╭─ Exercise materials

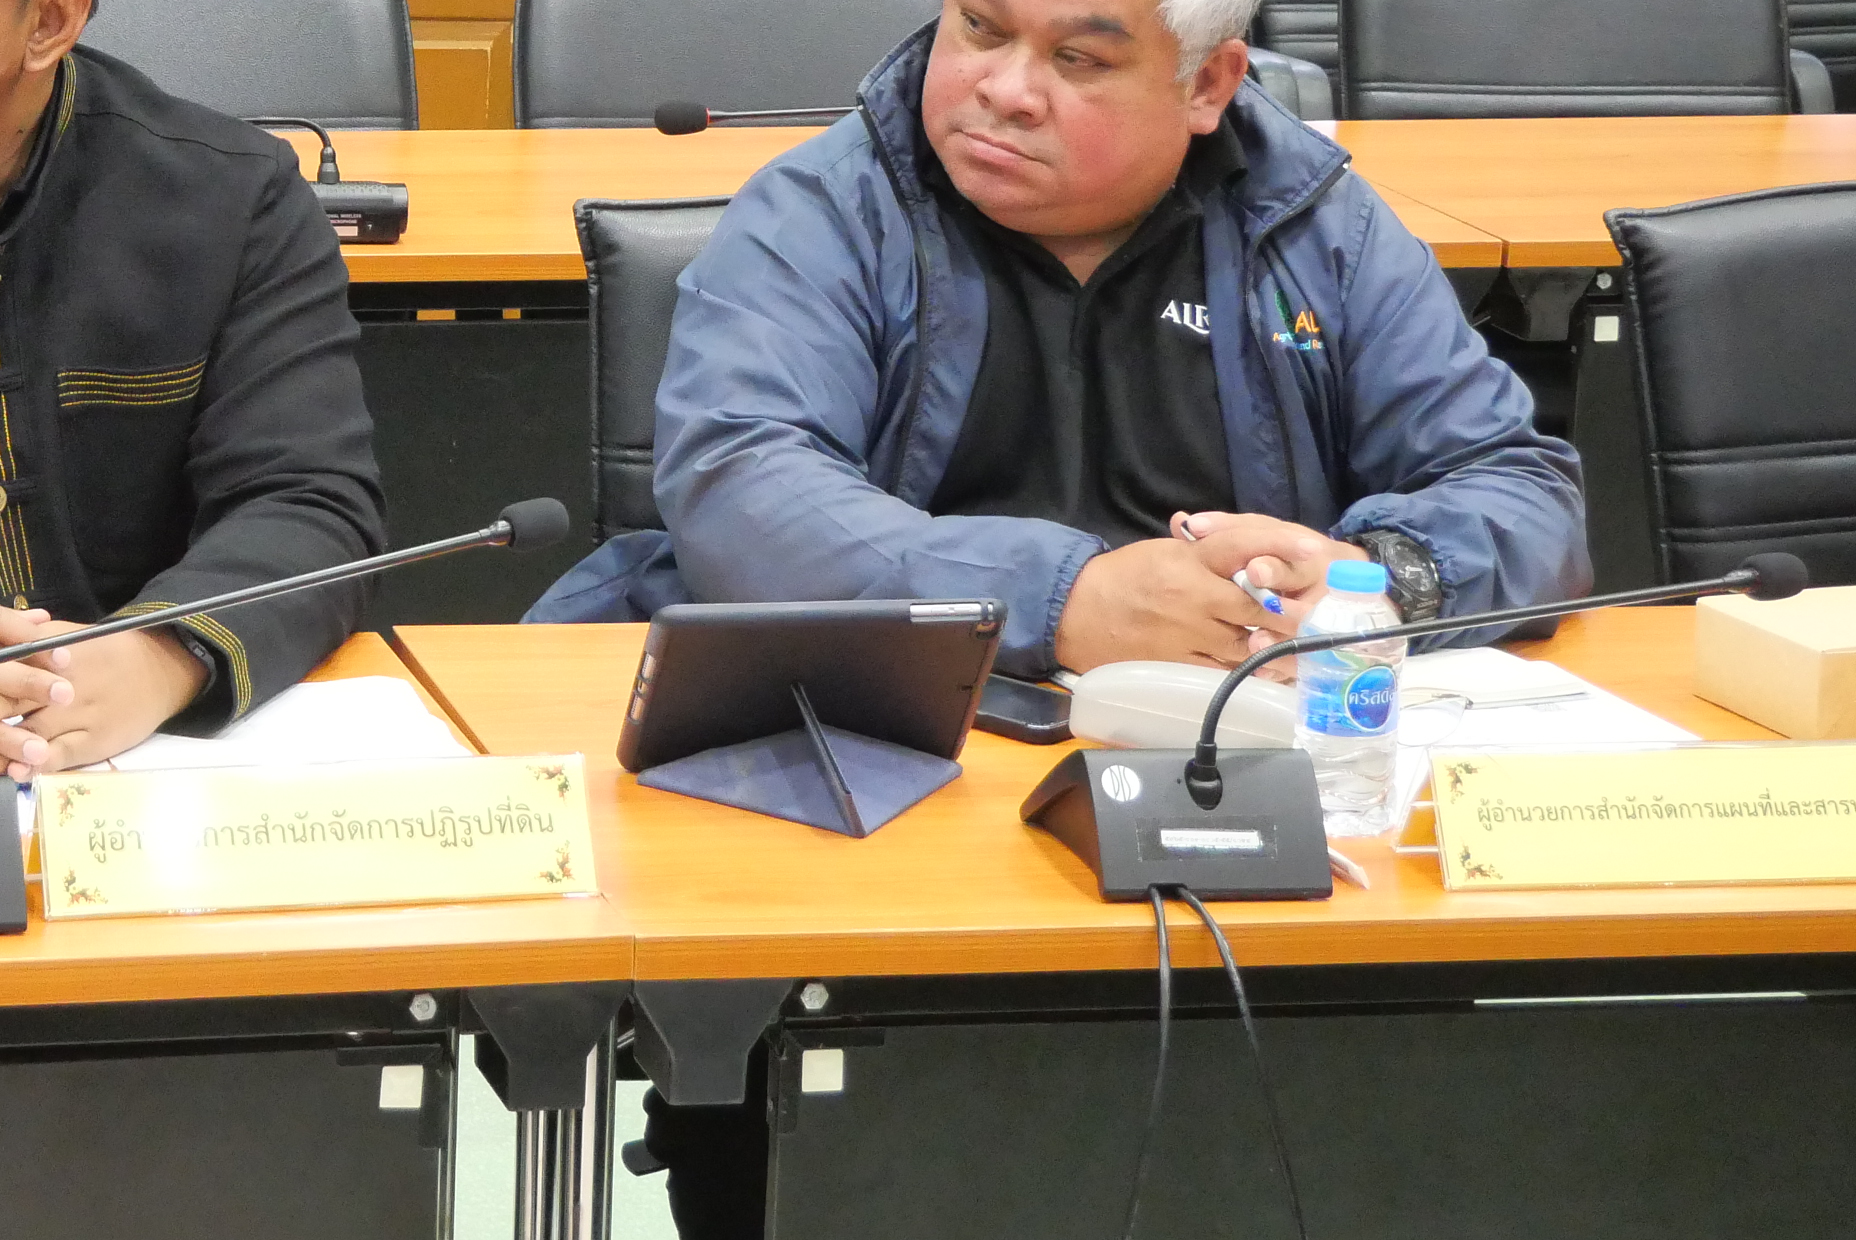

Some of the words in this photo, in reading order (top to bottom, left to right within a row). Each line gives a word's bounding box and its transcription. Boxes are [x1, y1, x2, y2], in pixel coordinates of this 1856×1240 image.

[1160, 299, 1210, 335] ALR
[1294, 310, 1322, 334] AL
[88, 795, 555, 864] ผู้อำการสำนักจัดการปฏิรูปที่ดิน
[1476, 788, 1856, 832] ผู้อำนวยการสำนักจัดการแผนที่และสาร
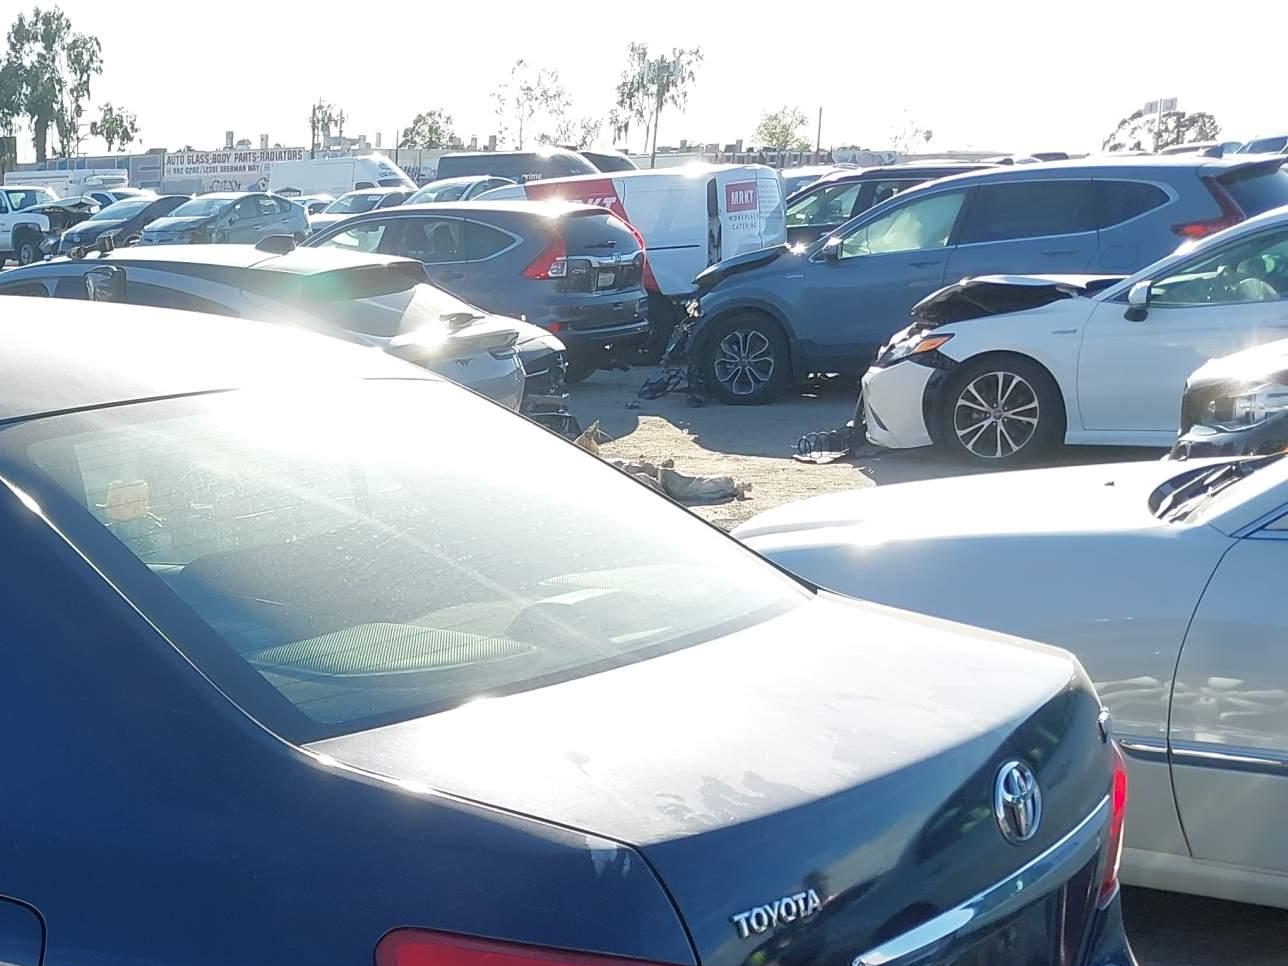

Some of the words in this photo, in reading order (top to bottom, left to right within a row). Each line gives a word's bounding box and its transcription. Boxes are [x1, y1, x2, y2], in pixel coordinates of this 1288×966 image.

[166, 154, 185, 166] AUTO
[220, 165, 246, 173] SHERMAN
[731, 190, 754, 205] MRKT
[733, 888, 823, 938] TOYOTA

╰─

▸ Work instruction: Could you set down the records above exactly, skipping any picture?

▸ Exercise response:
Some of the words in this photo, in reading order (top to bottom, left to right within a row). Each line gives a word's bounding box and its transcription. Boxes are [x1, y1, x2, y2], in pixel coordinates of this 1856×1240 image.

[1160, 299, 1210, 335] ALR
[1294, 310, 1322, 334] AL
[88, 795, 555, 864] ผู้อำการสำนักจัดการปฏิรูปที่ดิน
[1476, 788, 1856, 832] ผู้อำนวยการสำนักจัดการแผนที่และสาร

Some of the words in this photo, in reading order (top to bottom, left to right within a row). Each line gives a word's bounding box and its transcription. Boxes are [x1, y1, x2, y2], in pixel coordinates of this 1288×966 image.

[166, 154, 185, 166] AUTO
[220, 165, 246, 173] SHERMAN
[731, 190, 754, 205] MRKT
[733, 888, 823, 938] TOYOTA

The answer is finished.